What needs to be done:
Your output must be the line containing "this 2212×1659 image." followed by every later line in the entries below, all copied exactly.

Recorded information:

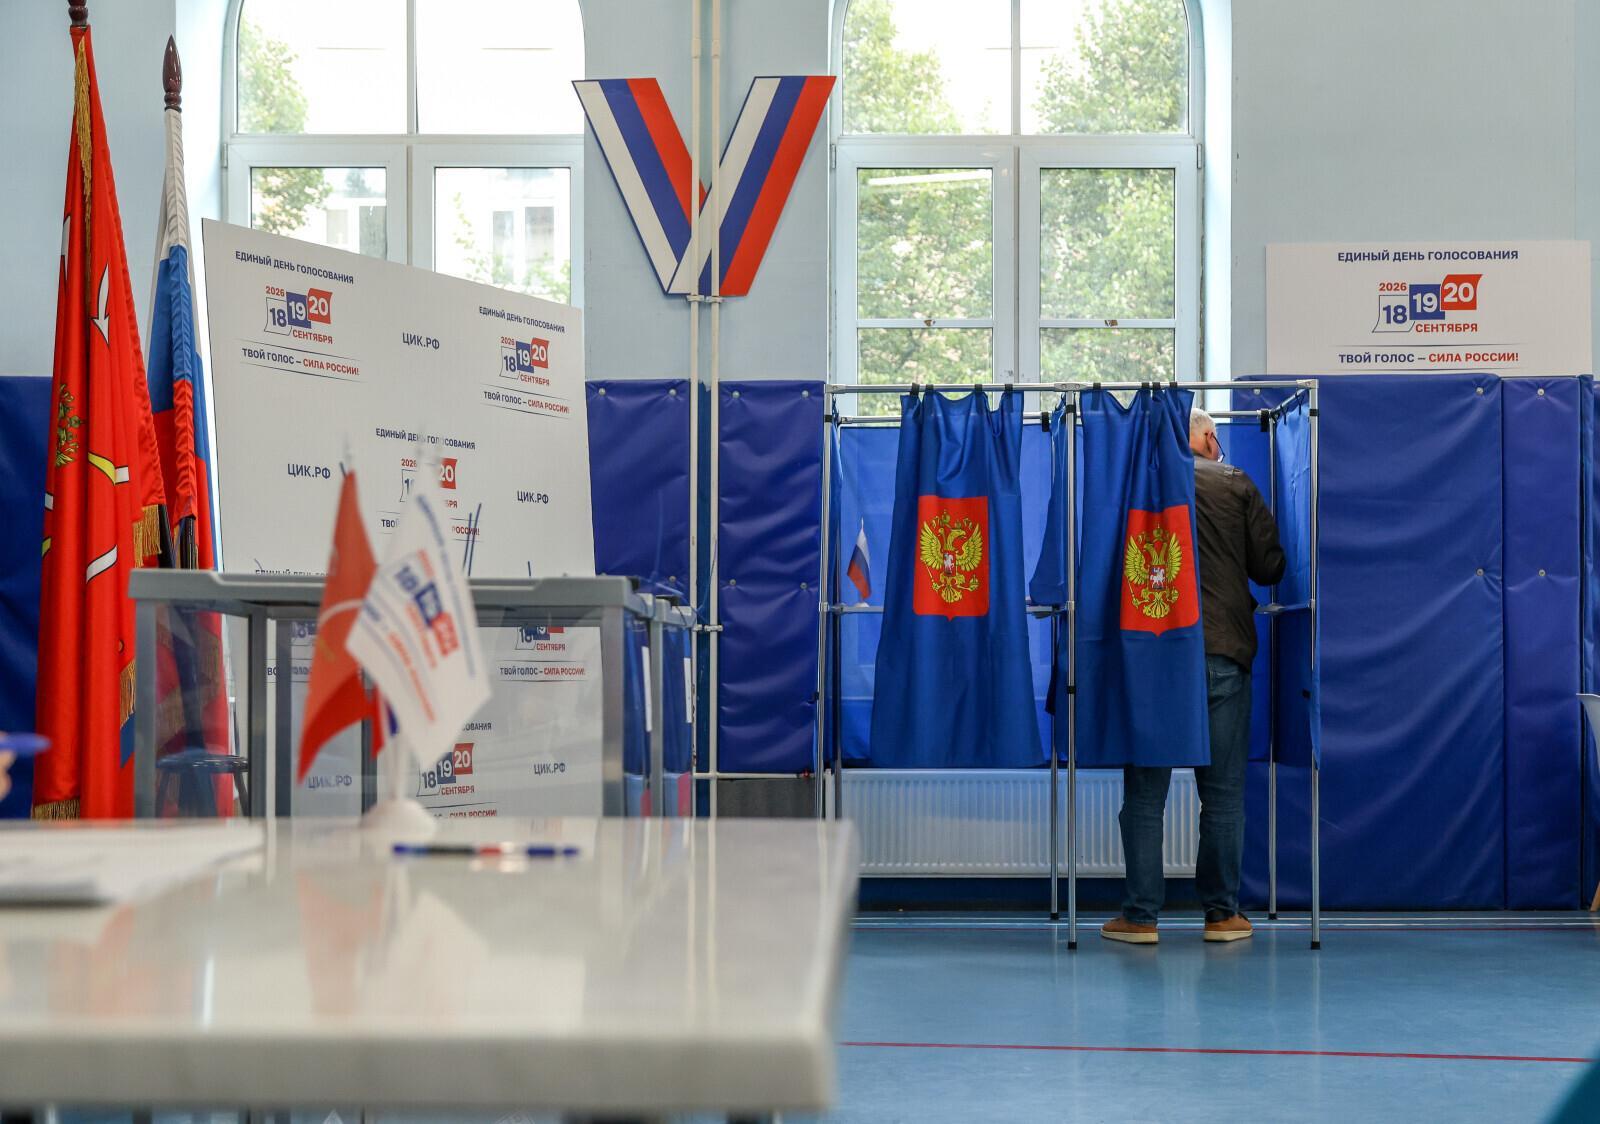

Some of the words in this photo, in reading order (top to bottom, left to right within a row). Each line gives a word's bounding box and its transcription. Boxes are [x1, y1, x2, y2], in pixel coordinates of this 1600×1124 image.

[1338, 250, 1390, 262] ЕДИНЫЙ
[1392, 251, 1424, 262] ДЕНЬ
[1428, 250, 1518, 261] ГОЛОСОВАНИЯ
[235, 250, 272, 266] ЕДИНЫЙ
[274, 258, 295, 272] ДЕНЬ
[296, 264, 354, 284] ГОЛОСОВАНИЯ
[265, 286, 285, 297] 2026
[1378, 282, 1407, 292] 2026
[1382, 304, 1408, 324] 18
[1412, 292, 1438, 313] 19
[1444, 282, 1474, 302] 20
[270, 307, 287, 328] 18
[288, 301, 306, 320] 19
[309, 296, 329, 316] 20
[478, 306, 506, 320] ЕДИНЫЙ
[506, 312, 522, 324] ДЕНЬ
[523, 316, 565, 334] ГОЛОСОВАНИЯ
[1416, 323, 1478, 333] СЕНТЯБРЯ
[292, 329, 333, 344] СЕНТЯБРЯ
[402, 332, 440, 350] ЦИК.РФ
[500, 336, 515, 346] 2026
[242, 348, 266, 360] ТВОЙ
[267, 352, 294, 365] ГОЛОС
[303, 358, 325, 370] СИЛА
[326, 362, 360, 376] РОССИИ!
[504, 355, 516, 372] 18
[518, 350, 530, 366] 19
[532, 346, 547, 362] 20
[1338, 352, 1372, 364] ТВОЙ
[1374, 353, 1414, 363] ГОЛОС
[1428, 353, 1462, 363] СИЛА
[1465, 352, 1519, 362] РОССИИ!
[520, 374, 550, 387] СЕНТЯБРЯ
[484, 390, 501, 401] ТВОЙ
[502, 394, 522, 405] ГОЛОС
[528, 398, 544, 410] СИЛА
[544, 402, 570, 414] РОССИИ!
[376, 428, 406, 440] ЕДИНЫЙ
[287, 462, 331, 480] ЦИК.РФ
[516, 490, 549, 505] ЦИК.РФ
[536, 642, 566, 651] СЕНТЯБРЯ
[517, 667, 538, 676] ГОЛОС
[544, 667, 560, 676] СИЛА
[422, 770, 436, 788] 18
[438, 760, 452, 778] 19
[454, 750, 471, 768] 20
[534, 762, 566, 776] ЦИК.РФ
[441, 785, 475, 796] СЕНТЯБРЯ
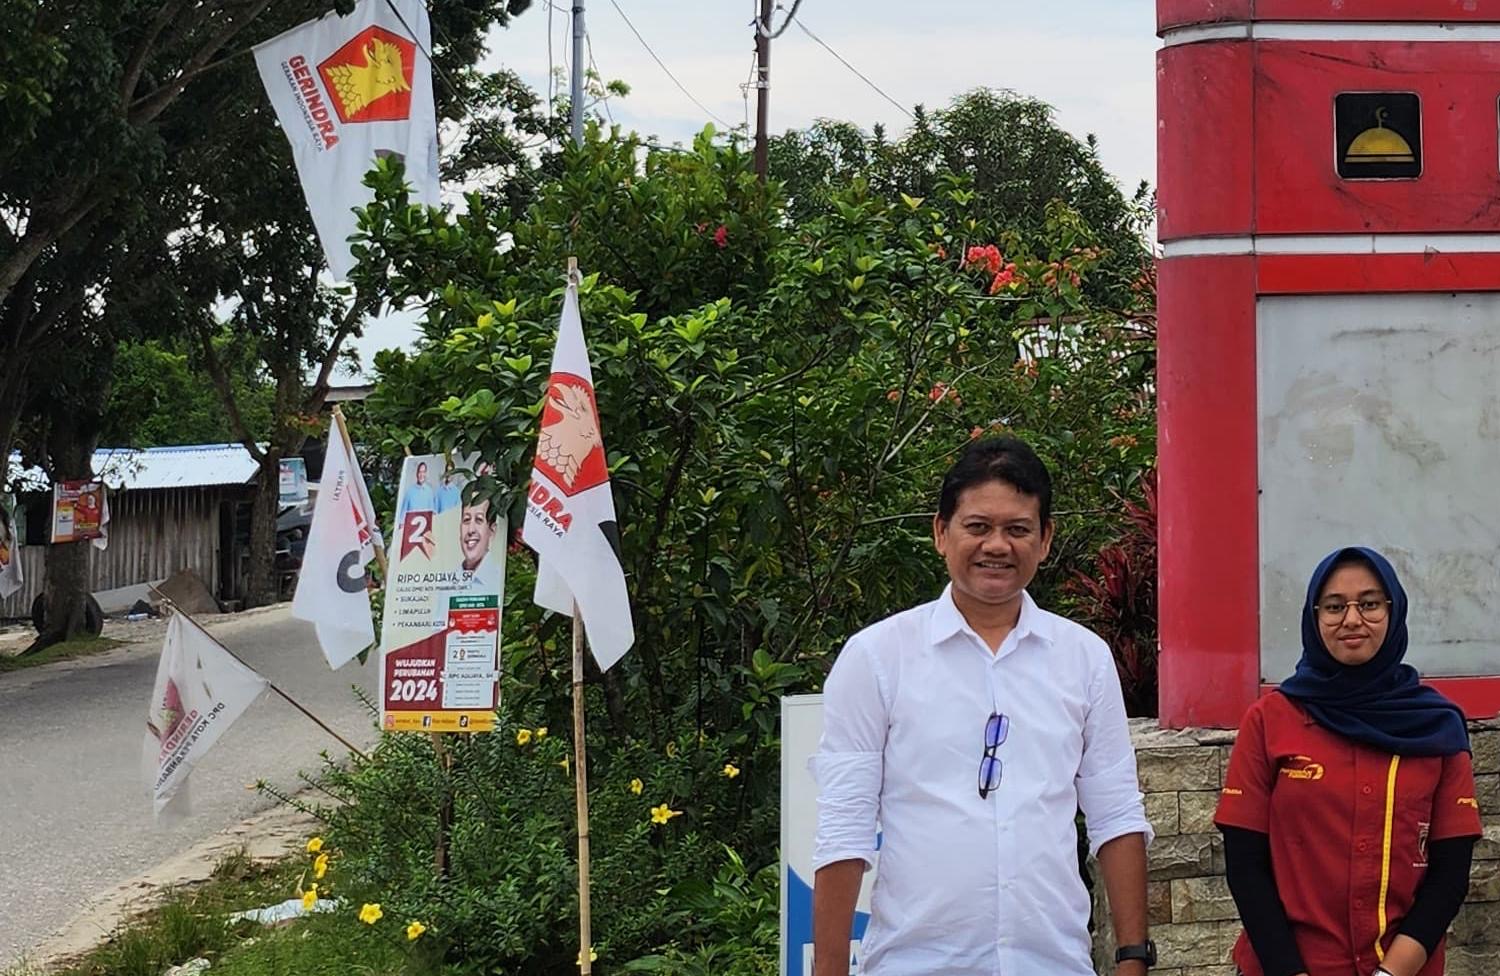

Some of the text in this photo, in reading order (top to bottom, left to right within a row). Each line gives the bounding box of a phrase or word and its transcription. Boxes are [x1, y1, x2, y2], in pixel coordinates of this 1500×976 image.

[288, 55, 340, 151] GERINDRA
[409, 516, 427, 543] 2
[543, 516, 564, 538] RAYA
[397, 574, 421, 583] RIPO
[395, 659, 437, 667] WUJUDKAN
[389, 679, 438, 702] 2024
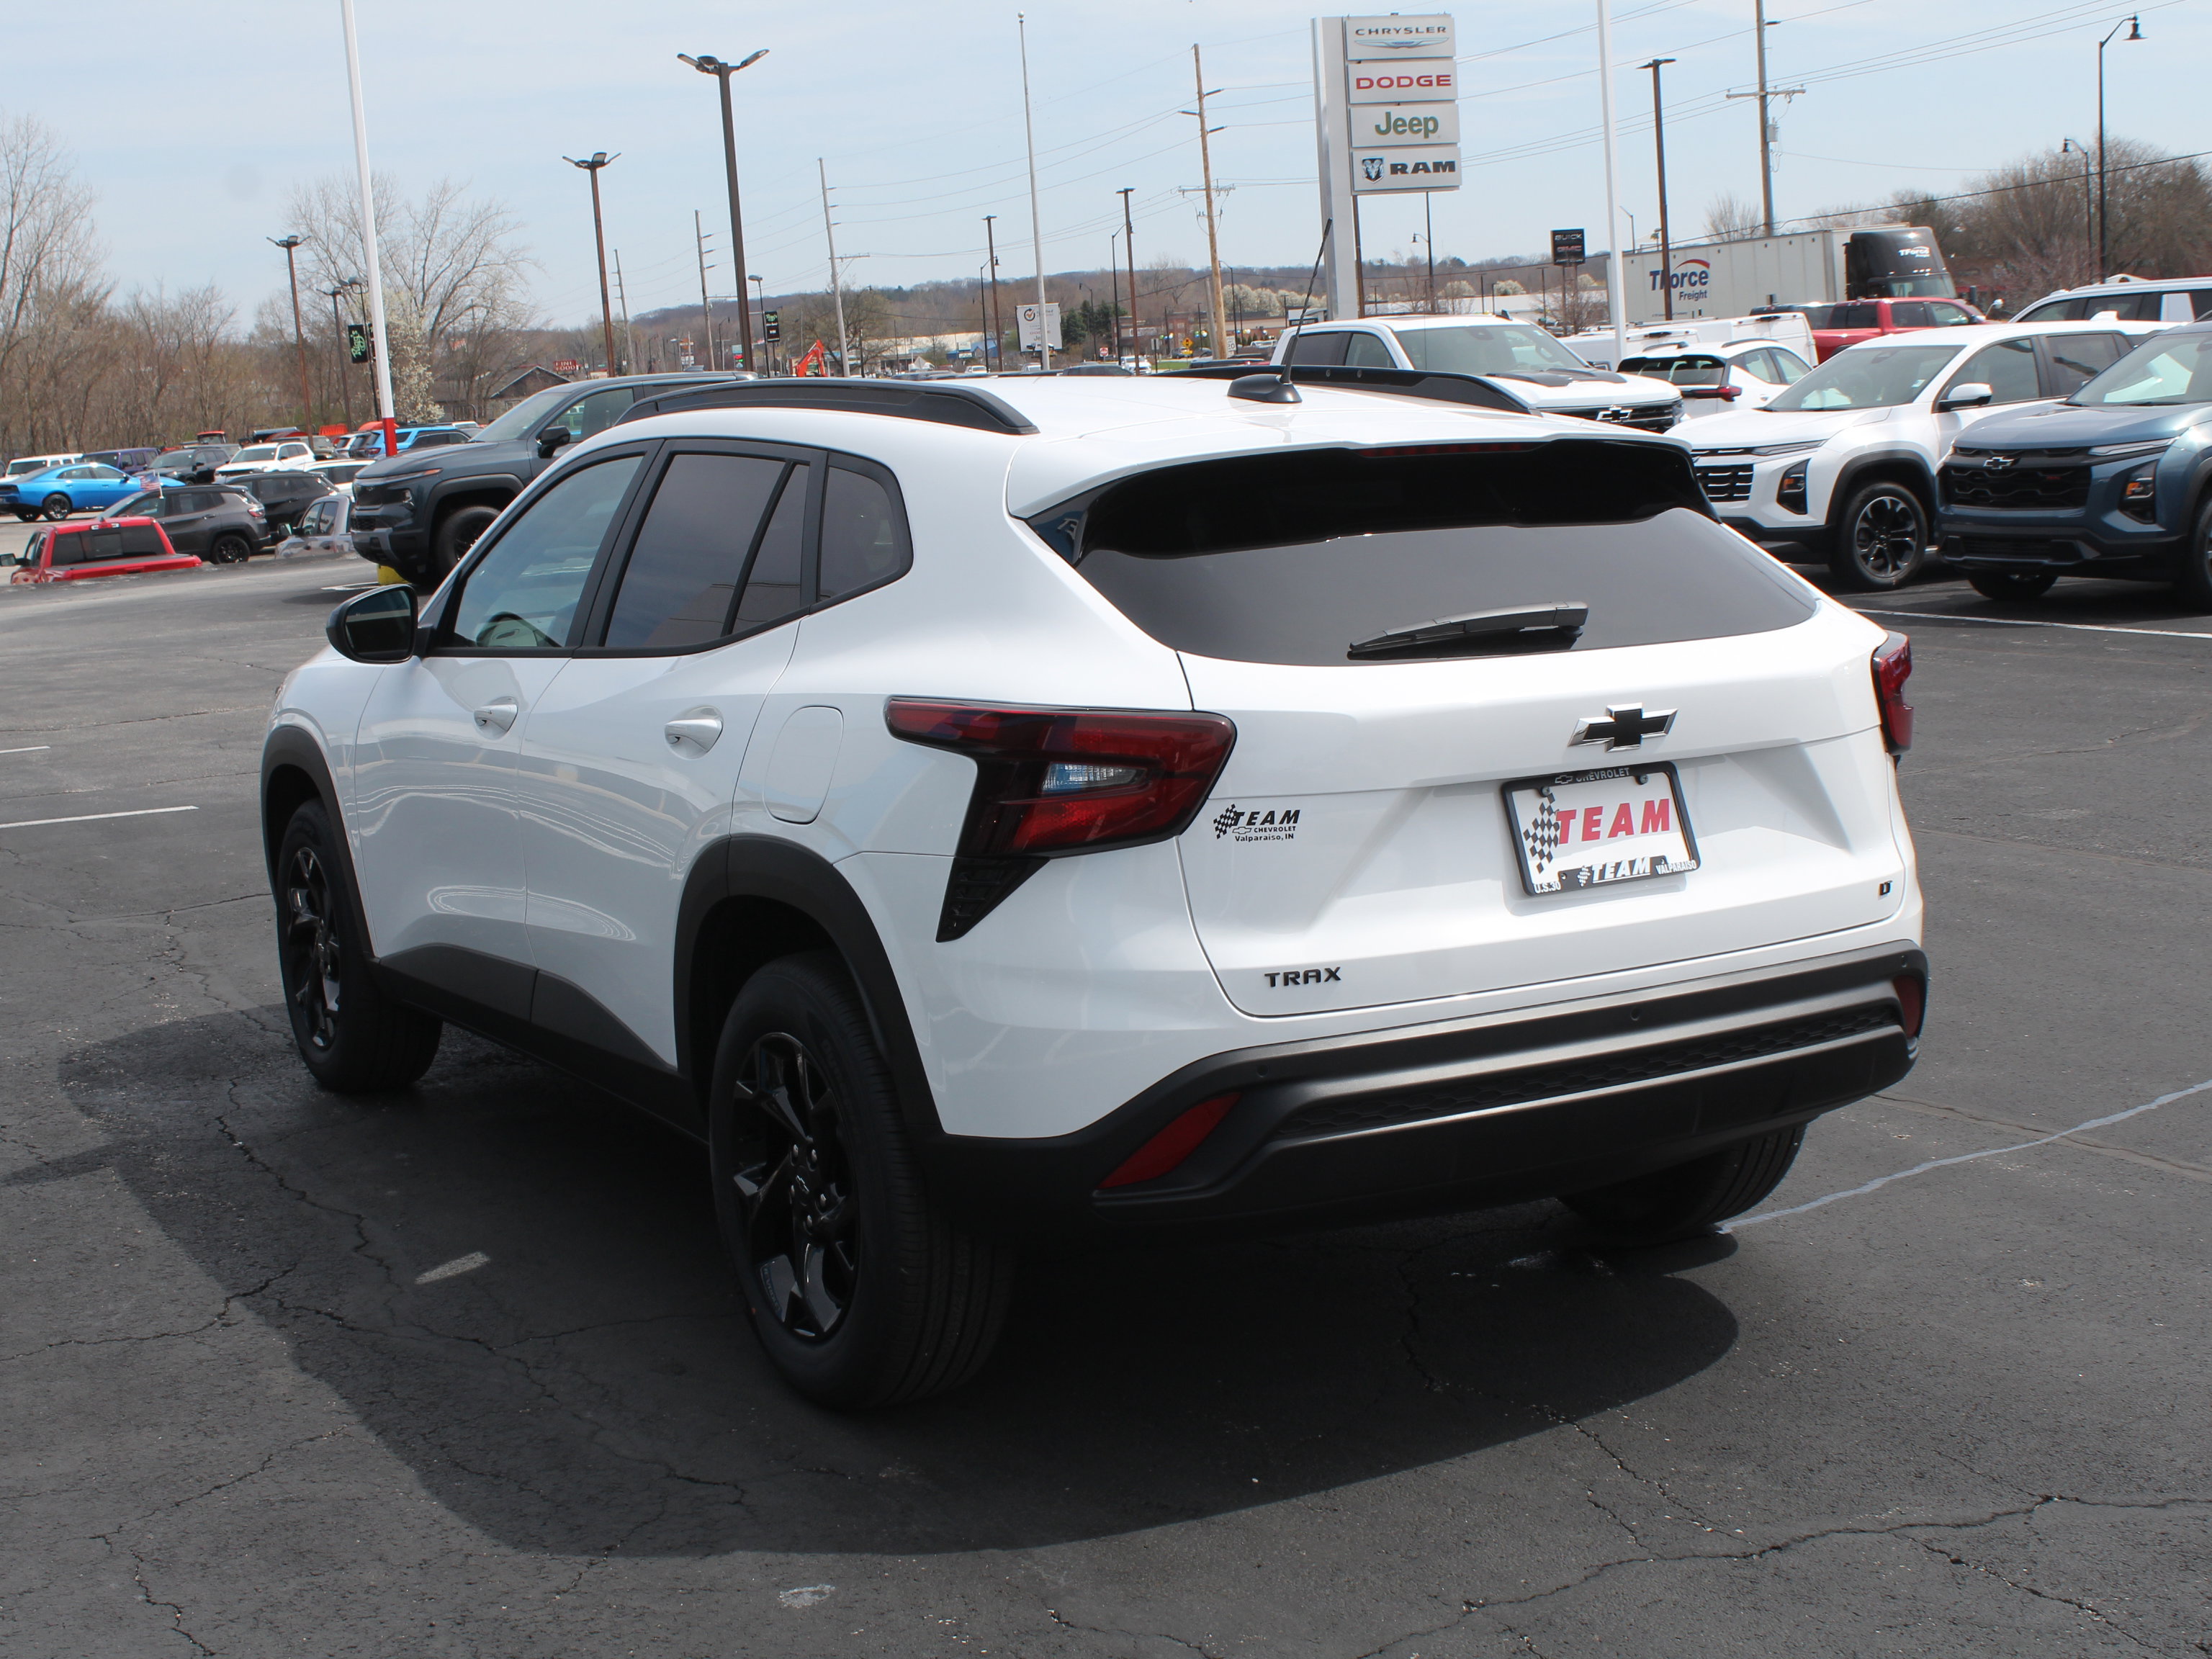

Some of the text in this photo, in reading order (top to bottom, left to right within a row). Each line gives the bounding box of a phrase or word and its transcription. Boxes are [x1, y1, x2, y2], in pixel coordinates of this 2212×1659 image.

[1354, 26, 1447, 36] CHRYSLER
[1356, 74, 1452, 90] DODGE
[1374, 111, 1439, 139] Jeep
[1390, 161, 1456, 175] RAM
[1678, 289, 1708, 302] Freight
[1232, 809, 1300, 827] TEAM
[1555, 798, 1671, 845] TEAM
[1591, 857, 1651, 882] TEAM
[1656, 859, 1697, 876] VALPARAISO
[1264, 966, 1341, 988] TRAX

Result of this task:
Some of the text in this photo, in reading order (top to bottom, left to right within a row). Each line gives the bounding box of a phrase or word and its transcription. Boxes are [x1, y1, x2, y2], in pixel coordinates of this 2212×1659 image.

[1354, 26, 1447, 36] CHRYSLER
[1356, 74, 1452, 90] DODGE
[1374, 111, 1439, 139] Jeep
[1390, 161, 1456, 175] RAM
[1678, 289, 1708, 302] Freight
[1232, 809, 1300, 827] TEAM
[1555, 798, 1671, 845] TEAM
[1591, 857, 1651, 882] TEAM
[1656, 859, 1697, 876] VALPARAISO
[1264, 966, 1341, 988] TRAX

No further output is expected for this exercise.